Input data.
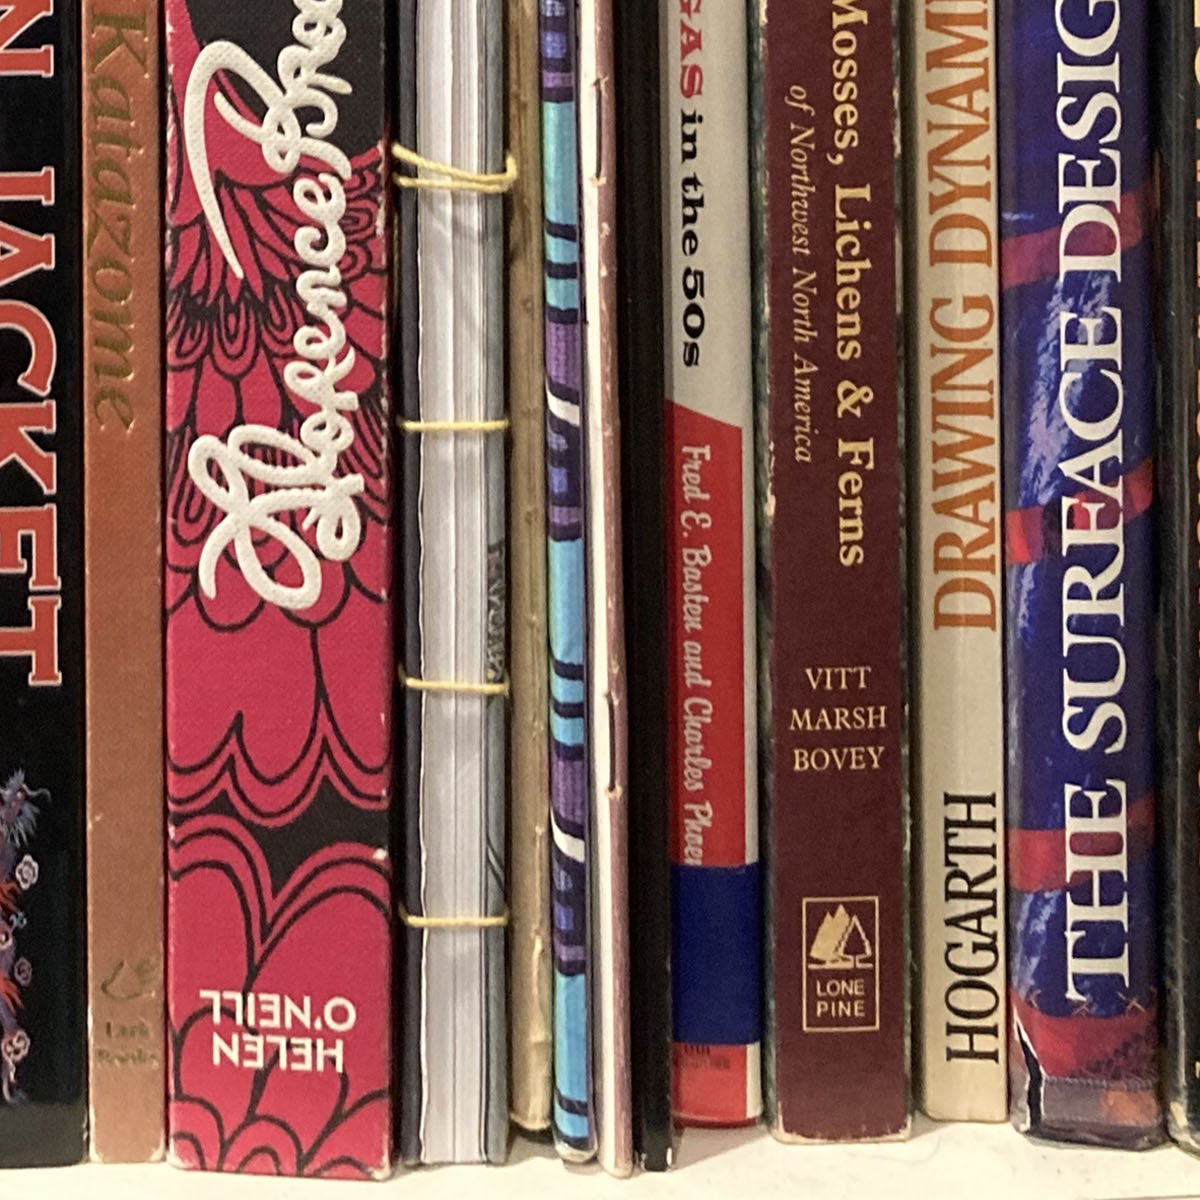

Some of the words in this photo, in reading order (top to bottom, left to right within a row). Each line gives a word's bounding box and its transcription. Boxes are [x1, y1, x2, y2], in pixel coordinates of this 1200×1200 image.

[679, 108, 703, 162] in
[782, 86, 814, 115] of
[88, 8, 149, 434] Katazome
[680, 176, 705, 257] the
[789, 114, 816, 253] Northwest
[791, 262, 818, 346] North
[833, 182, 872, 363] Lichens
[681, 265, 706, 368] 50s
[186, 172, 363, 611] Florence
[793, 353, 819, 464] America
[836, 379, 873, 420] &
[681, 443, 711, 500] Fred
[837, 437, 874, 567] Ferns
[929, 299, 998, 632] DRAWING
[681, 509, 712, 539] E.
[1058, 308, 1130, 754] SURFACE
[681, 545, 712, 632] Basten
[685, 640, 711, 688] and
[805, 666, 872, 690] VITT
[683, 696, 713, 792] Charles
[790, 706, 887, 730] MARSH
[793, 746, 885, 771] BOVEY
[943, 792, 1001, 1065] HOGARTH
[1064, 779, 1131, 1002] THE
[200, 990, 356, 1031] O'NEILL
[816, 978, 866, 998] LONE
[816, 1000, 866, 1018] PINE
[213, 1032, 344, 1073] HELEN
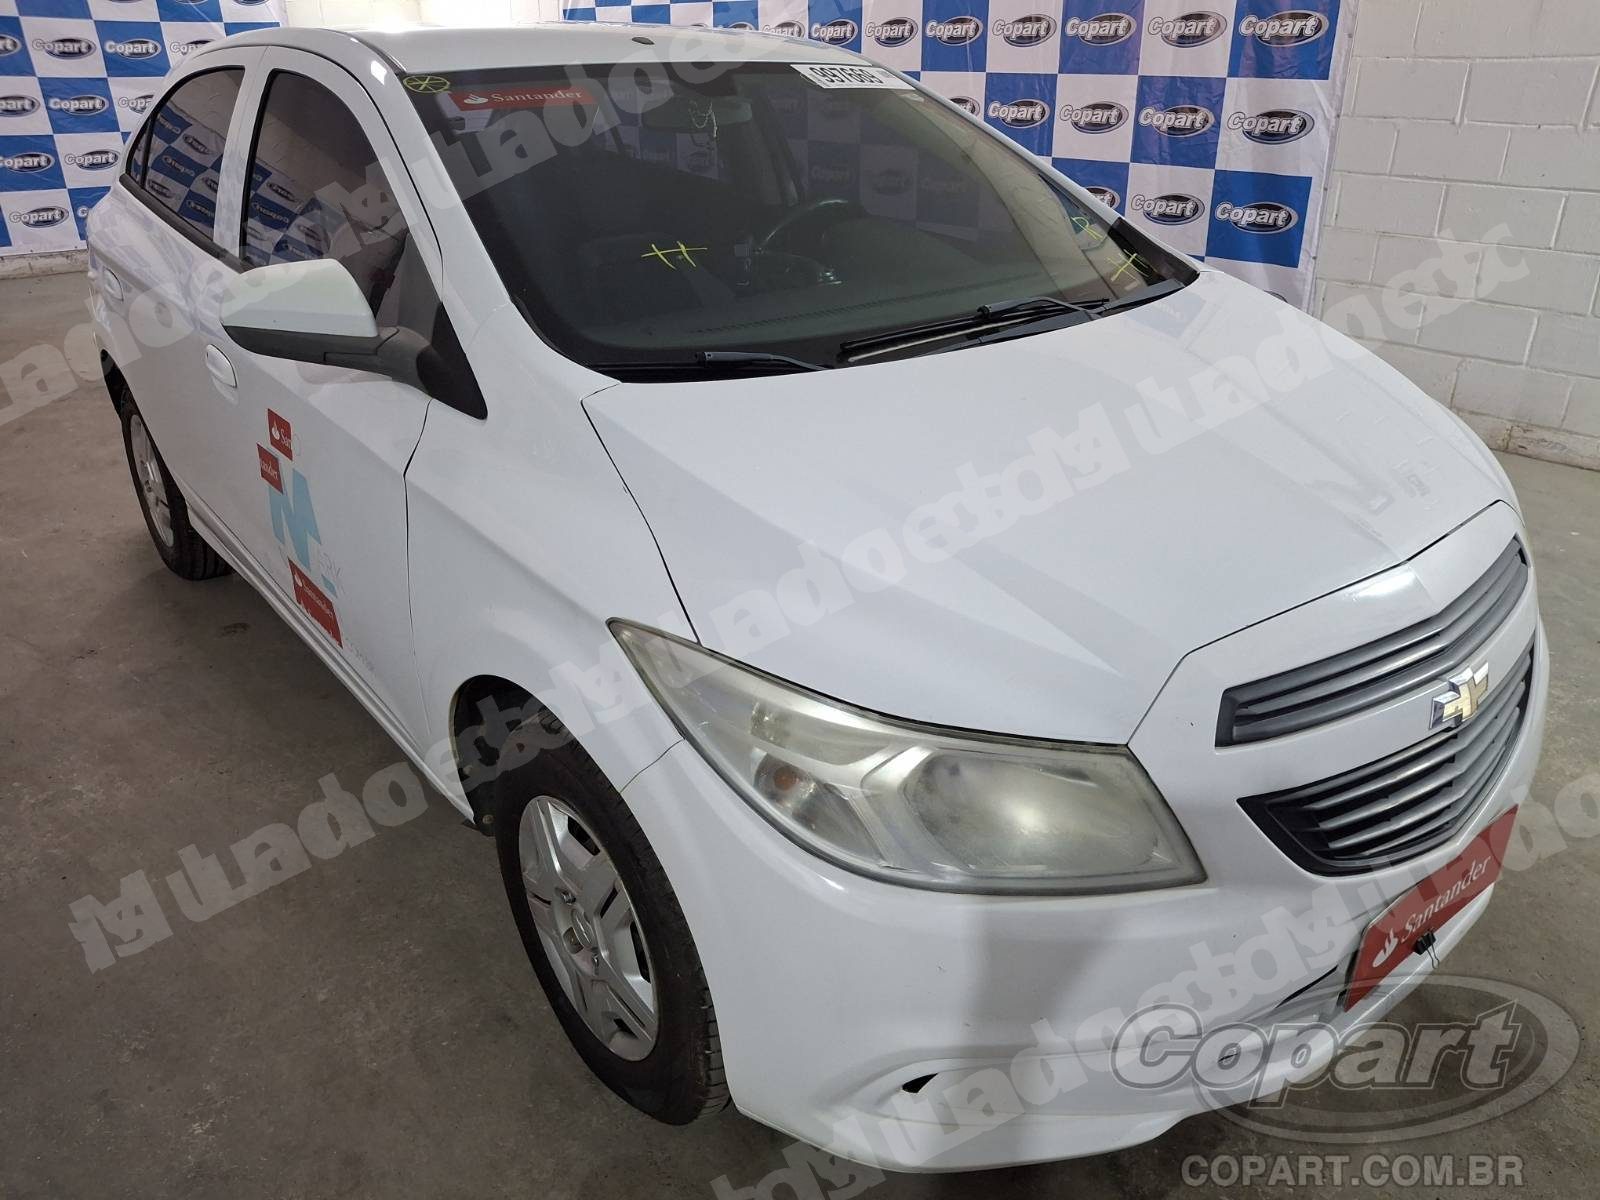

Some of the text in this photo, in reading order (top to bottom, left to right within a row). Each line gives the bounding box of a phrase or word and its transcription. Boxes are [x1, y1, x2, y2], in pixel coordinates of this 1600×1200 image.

--

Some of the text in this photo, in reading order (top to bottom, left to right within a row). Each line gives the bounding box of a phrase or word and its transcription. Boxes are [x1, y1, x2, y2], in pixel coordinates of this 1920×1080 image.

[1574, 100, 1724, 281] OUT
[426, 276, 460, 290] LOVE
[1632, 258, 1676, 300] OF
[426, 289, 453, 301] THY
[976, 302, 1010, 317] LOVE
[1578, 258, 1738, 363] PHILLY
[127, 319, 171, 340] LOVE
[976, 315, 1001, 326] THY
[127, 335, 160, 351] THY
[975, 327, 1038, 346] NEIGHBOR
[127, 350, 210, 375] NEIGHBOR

The task.
Which part of the entries opens with the line containing "Some of the words" and closes with the line containing "this 1600×1200 image."? Output that part exactly, ends included, pictures excluded.

Result of this task.
Some of the words in this photo, in reading order (top to bottom, left to right within a row). Each line gives a word's bounding box and its transcription. Boxes are [x1, y1, x2, y2], in pixel coordinates of this 1200×1200 image.

[679, 108, 703, 162] in
[782, 86, 814, 115] of
[88, 8, 149, 434] Katazome
[680, 176, 705, 257] the
[789, 114, 816, 253] Northwest
[791, 262, 818, 346] North
[833, 182, 872, 363] Lichens
[681, 265, 706, 368] 50s
[186, 172, 363, 611] Florence
[793, 353, 819, 464] America
[836, 379, 873, 420] &
[681, 443, 711, 500] Fred
[837, 437, 874, 567] Ferns
[929, 299, 998, 632] DRAWING
[681, 509, 712, 539] E.
[1058, 308, 1130, 754] SURFACE
[681, 545, 712, 632] Basten
[685, 640, 711, 688] and
[805, 666, 872, 690] VITT
[683, 696, 713, 792] Charles
[790, 706, 887, 730] MARSH
[793, 746, 885, 771] BOVEY
[943, 792, 1001, 1065] HOGARTH
[1064, 779, 1131, 1002] THE
[200, 990, 356, 1031] O'NEILL
[816, 978, 866, 998] LONE
[816, 1000, 866, 1018] PINE
[213, 1032, 344, 1073] HELEN

Some of the text in this photo, in reading order (top to bottom, left to right within a row). Each line gives the bounding box of a phrase or word and its transcription. Boxes are [x1, y1, x2, y2], in pixel coordinates of this 1600×1200 image.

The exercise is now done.